Standard Prompts vs. Chain-of-Thought Prompts
- Standard prompts do not generate a reasoning process; they provide direct answers without showing the steps taken to arrive at those answers.
- In contrast, chain-of-thought prompts require the AI model to produce a reasoning path that leads to its answer.
Generating Chain-of-Thought Prompts
Methods for Inducing COT Responses
- There are two ways to instruct the model to generate a chain of thought:
- Directly adding phrases like "solve the problem step by step" at the end of the prompt.
- Providing examples within the prompt that illustrate logical processes.
Examples Demonstrating Prompt Types
Example 1: Identifying a City
- The presenter sets up an example with clues about a city in Spain, specifically Murcia.
- The first attempt using a standard prompt results in an incorrect answer ("Madrid").
- By modifying it into a chain-of-thought prompt, he successfully guides the model through identifying Spain, Murcia, and ultimately Cartagena as the correct answer.
Example 2: Solving a Math Problem
- A mathematical problem is presented where Juan has tennis balls. Using a standard prompt yields an incorrect total (13).
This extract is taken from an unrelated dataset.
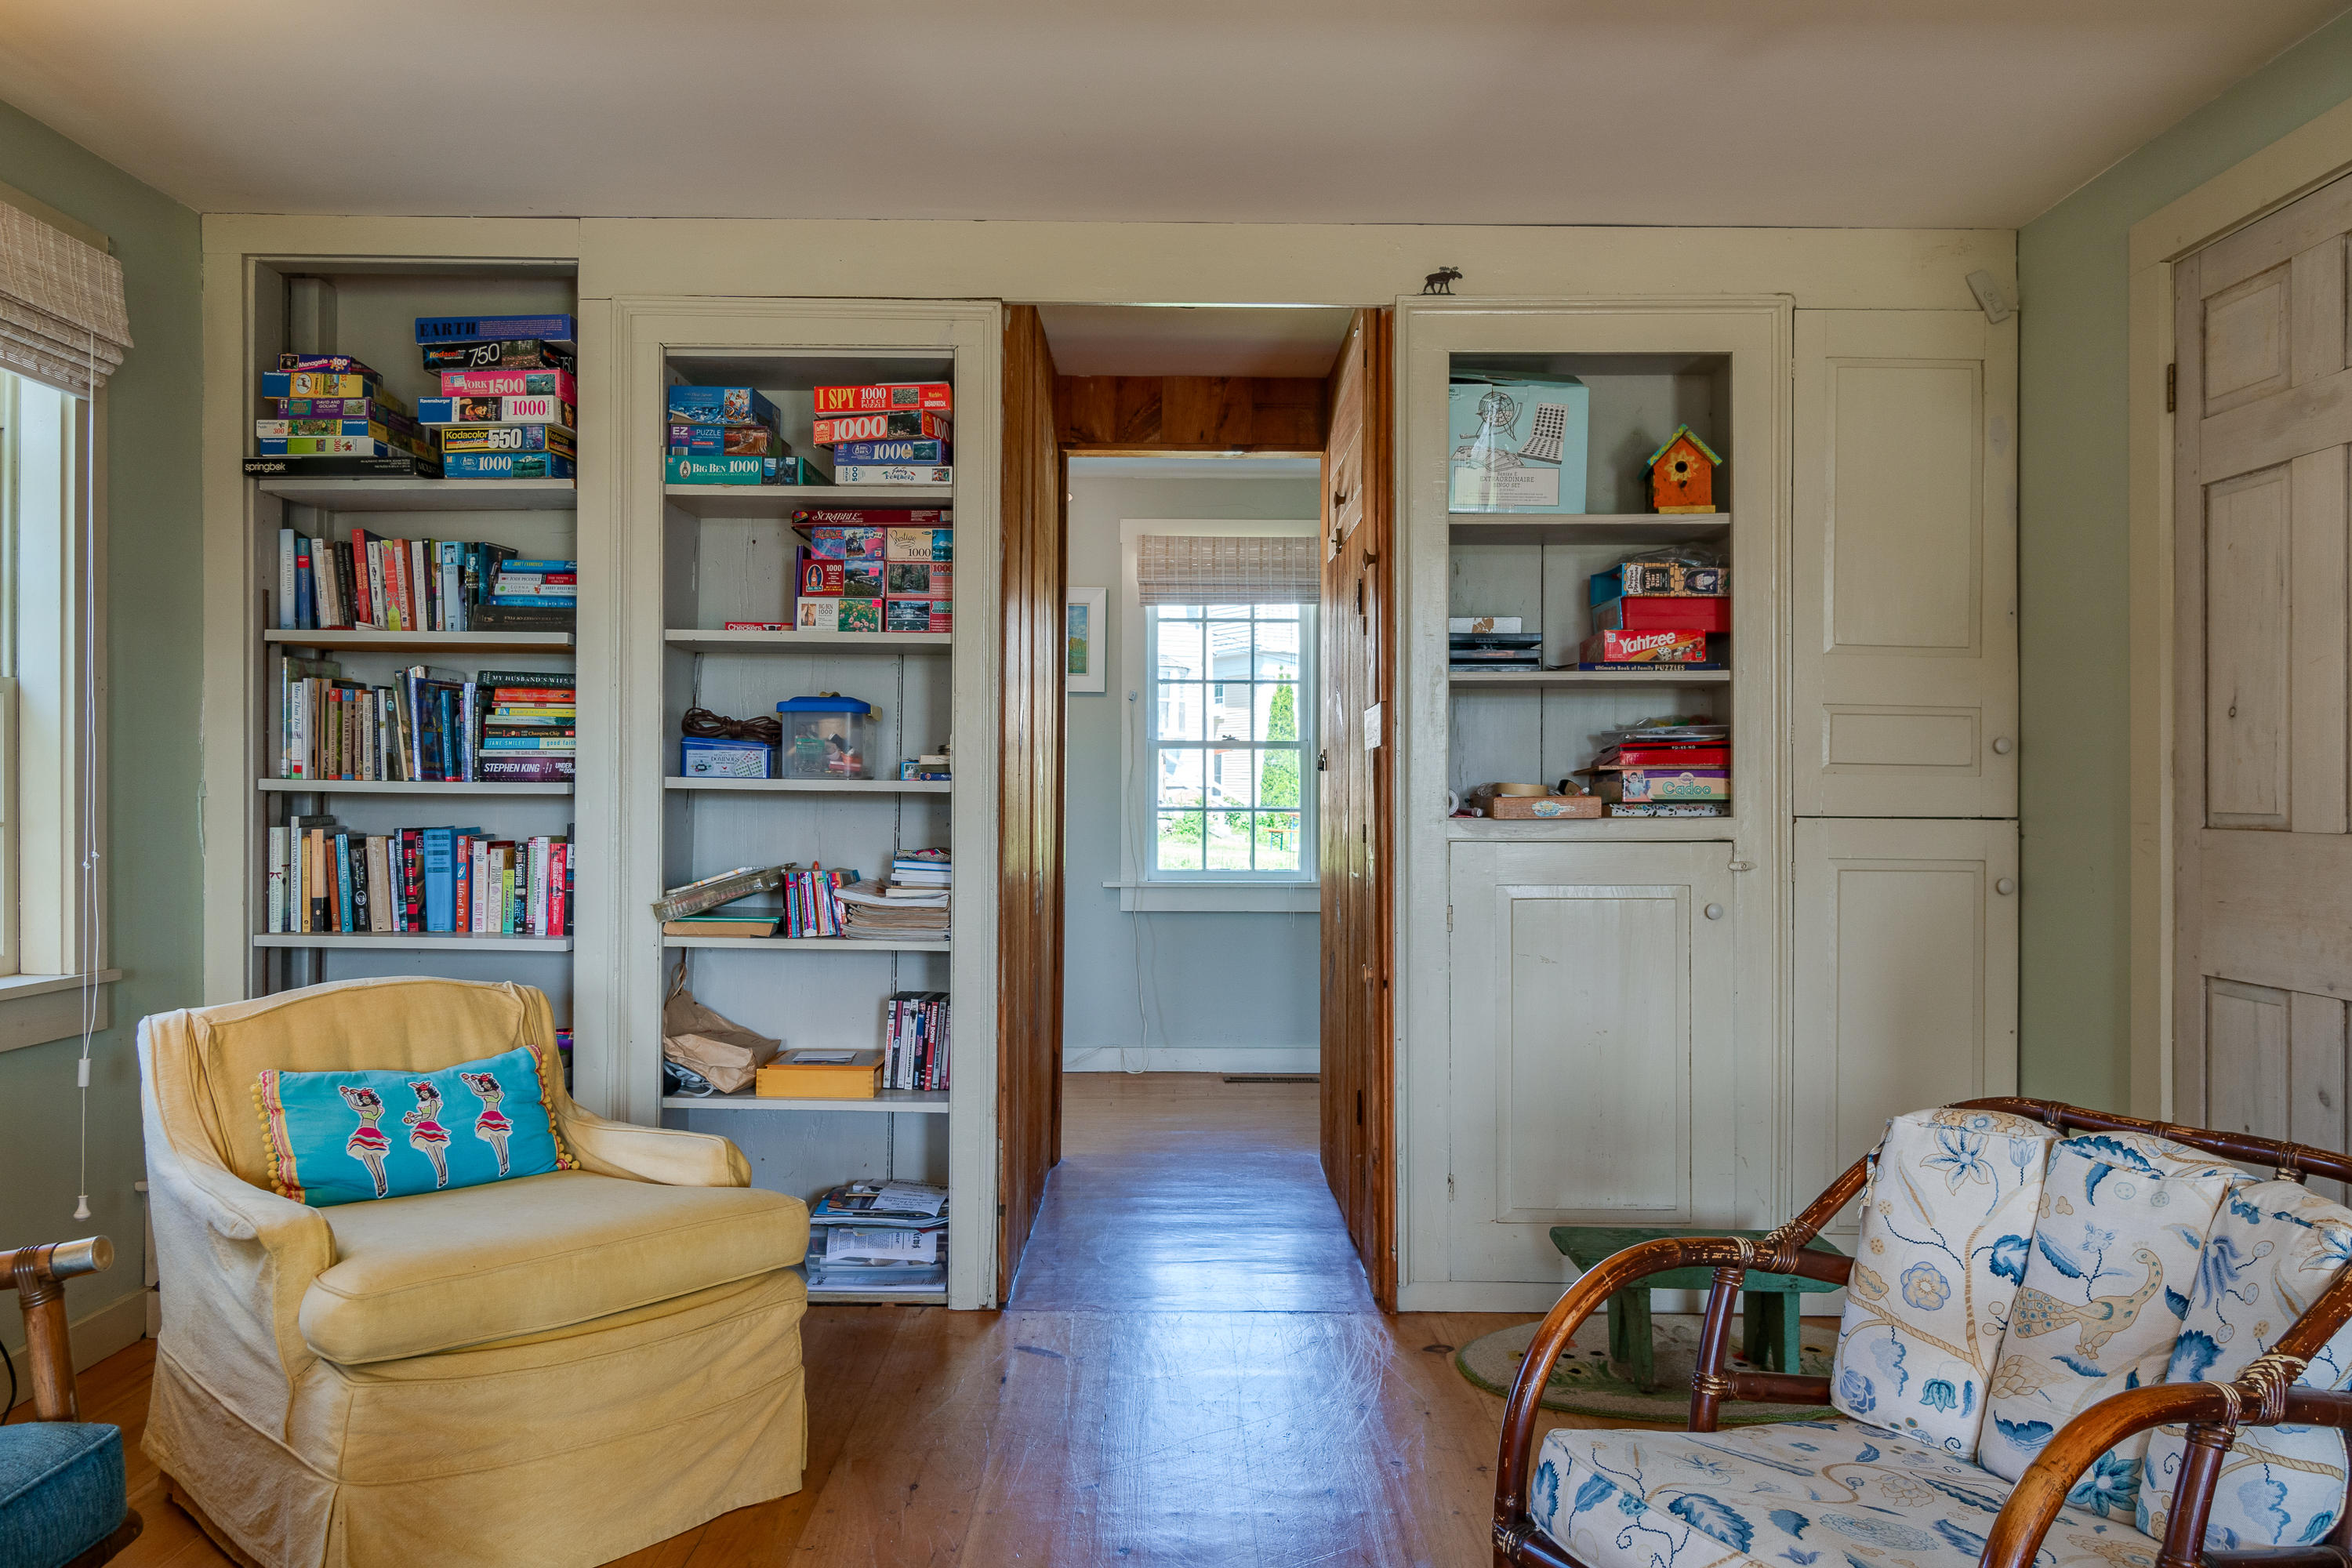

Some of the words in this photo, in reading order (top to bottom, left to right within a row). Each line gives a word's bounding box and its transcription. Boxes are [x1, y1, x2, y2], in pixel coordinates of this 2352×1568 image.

- When reformulated as a chain-of-thought prompt with explicit instructions for step-by-step resolution, it correctly calculates Juan's total as 16 tennis balls.
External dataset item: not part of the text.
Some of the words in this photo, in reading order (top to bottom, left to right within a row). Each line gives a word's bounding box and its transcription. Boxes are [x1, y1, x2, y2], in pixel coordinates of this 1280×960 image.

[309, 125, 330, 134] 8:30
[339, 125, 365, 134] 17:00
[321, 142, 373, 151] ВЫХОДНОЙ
Conclusion on Effectiveness of COT Prompts
Summary of Findings
Understanding AI Text Generation
The Importance of Logical and Mathematical Writing
- The relevance of using a logical or mathematical approach in writing is emphasized, suggesting that it holds greater importance than other styles.
- A distinction is made between the performance of AI models with the "pro" standard versus the "change of out" model, indicating that the latter performs better in generating text.
- It is explained that AI models generate text by predicting the next most probable word, which can lead to errors when selecting tokens from a broader context.
Step-by-Step Problem Solving
- The discussion compares human problem-solving methods to those of AI, highlighting that both benefit from breaking down tasks into smaller steps for better accuracy.